Présentation de l'entreprise
DTF Tax-Free Income 2028 Term Fund Inc. operates as a closed-ended fixed income mutual fund that primarily invests in a diversified portfolio of investment grade tax-exempt utility obligations, managed by Duff & Phelps Investment Management Co. Launched by Virtus Investment Partners, Inc., this entity functions within the Financial Services sector, specifically under the Asset Management industry, providing specialized investment solutions focused on tax-exempt debt instruments. The company currently holds a market capitalization of $80.56M, while reporting an annual revenue of $2.76M over the trailing twelve months, with an employee count listed as N/A in available data. These valuation figures indicate a relatively small-scale operation typical of niche closed-end funds, where the market cap reflects the aggregate value of outstanding shares rather than the broader scale of a public equity issuer, and the revenue figure underscores the concentrated nature of income generation derived from the underlying fixed income portfolio.
Santé financière
Over the trailing twelve months, the company reported a revenue of $2.76M and a net income of $2.34M, while EBITDA figures are not available for disclosure. The significant gap between the reported revenue of $2.76M and the net income of $2.34M reveals a highly efficient cost structure where operating expenses are minimal relative to the total revenue generated. Regarding cash flow dynamics, the free cash flow data is listed as N/A, which limits the ability to assess immediate financial flexibility through cash conversion metrics, though the company maintains a cash balance of $4.63M against zero debt. The margin analysis shows a gross margin of 100.0%, an operating margin of 66.6%, and a profit margin of 84.9%, indicating that the fund incurs no cost of goods sold and retains the vast majority of revenue after all operating expenses. The balance sheet is fundamentally conservative, evidenced by the total cash position of $4.63M paired with a total debt of $0, while the debt-to-equity ratio is N/A due to the absence of debt obligations. Liquidity is robust as indicated by a current ratio of 2.91, suggesting the company holds nearly three times the current assets necessary to cover its short-term liabilities. Return on Equity stands at 2.7% and Return on Assets is 1.3%, metrics that reveal the management's effectiveness in generating returns relative to the equity invested and the total asset base, respectively.

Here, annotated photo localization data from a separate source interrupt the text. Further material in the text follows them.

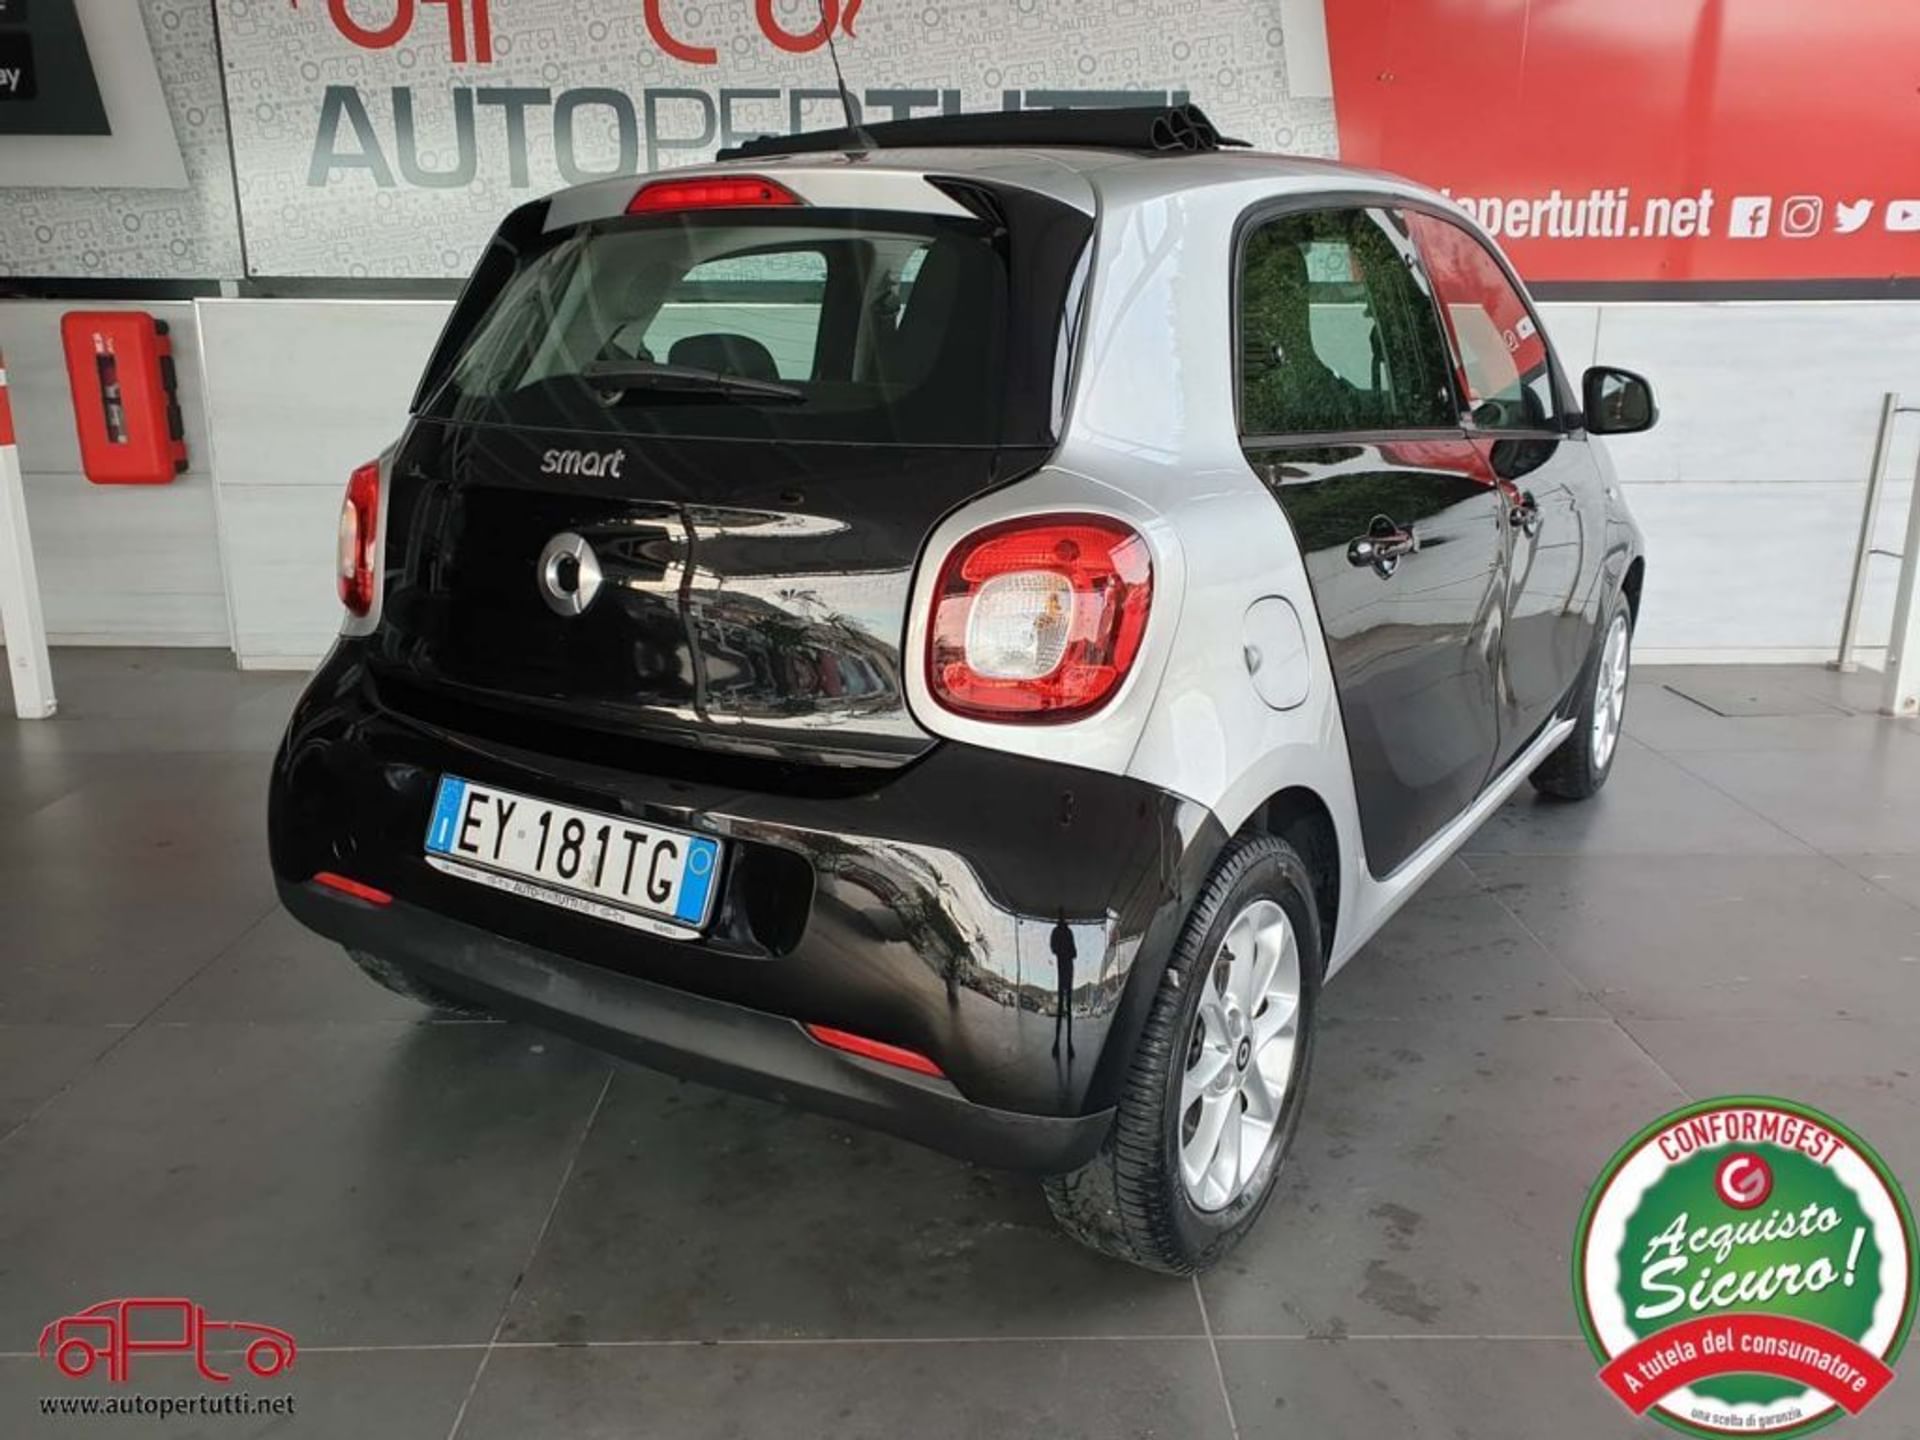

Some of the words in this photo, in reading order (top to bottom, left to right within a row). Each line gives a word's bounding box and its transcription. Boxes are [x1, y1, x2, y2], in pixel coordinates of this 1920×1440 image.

[307, 86, 1191, 188] AUTOPE
[1440, 188, 1713, 238] opertutti.net
[540, 449, 625, 478] smart
[456, 791, 516, 860] EY
[535, 810, 678, 905] 181TG

Évaluation de la valorisation
The trailing twelve-month P/E ratio is 34.73, whereas the forward P/E ratio is not available, creating an incomplete picture of the expected earnings trajectory that would normally be inferred from forward multiples. The price-to-book ratio is recorded at 0.94, which indicates that the market is currently pricing the company at a discount to its tangible book value, suggesting no market premium over the underlying assets. Alternative valuation metrics such as the price-to-sales ratio of 29.20 and the EV/EBITDA ratio, which is N/A, provide context where the high P/S multiple reflects the asset-light nature of the fund and its reliance on fee income or management fees. The 52-week high is $11.60 and the 52-week low is $10.95, and without a specific current share price provided in the facts, the trading position relative to this range cannot be calculated, but the spread between high and low defines the recent volatility band. The beta value is 0.32, indicating that the stock's price volatility is significantly lower than the broader market, suggesting a defensive characteristic often associated with utility-focused fixed income funds.
Growth & Income
Revenue growth for the year-over-year period is -5.2%, while earnings growth is 63.8%, demonstrating that earnings are growing at a pace substantially faster than revenue, which often occurs when fixed costs are low or expense control improves during periods of flat or declining top-line activity. As a closed-ended fund, the company pays a dividend yield of 3.4% with a payout ratio of 118.2%, meaning the current dividend exceeds the reported net income, a situation that requires careful scrutiny regarding sustainability given the high payout relative to earnings. The high payout ratio of 118.2% implies that the company is distributing more cash than its net income suggests, potentially utilizing cash reserves or other non-operating cash flows to maintain the dividend level. The overall growth and income profile presents a scenario of negative revenue growth offset by significant earnings expansion and a high-yield dividend, creating a return structure driven more by capital appreciation potential and income distribution than by top-line revenue expansion.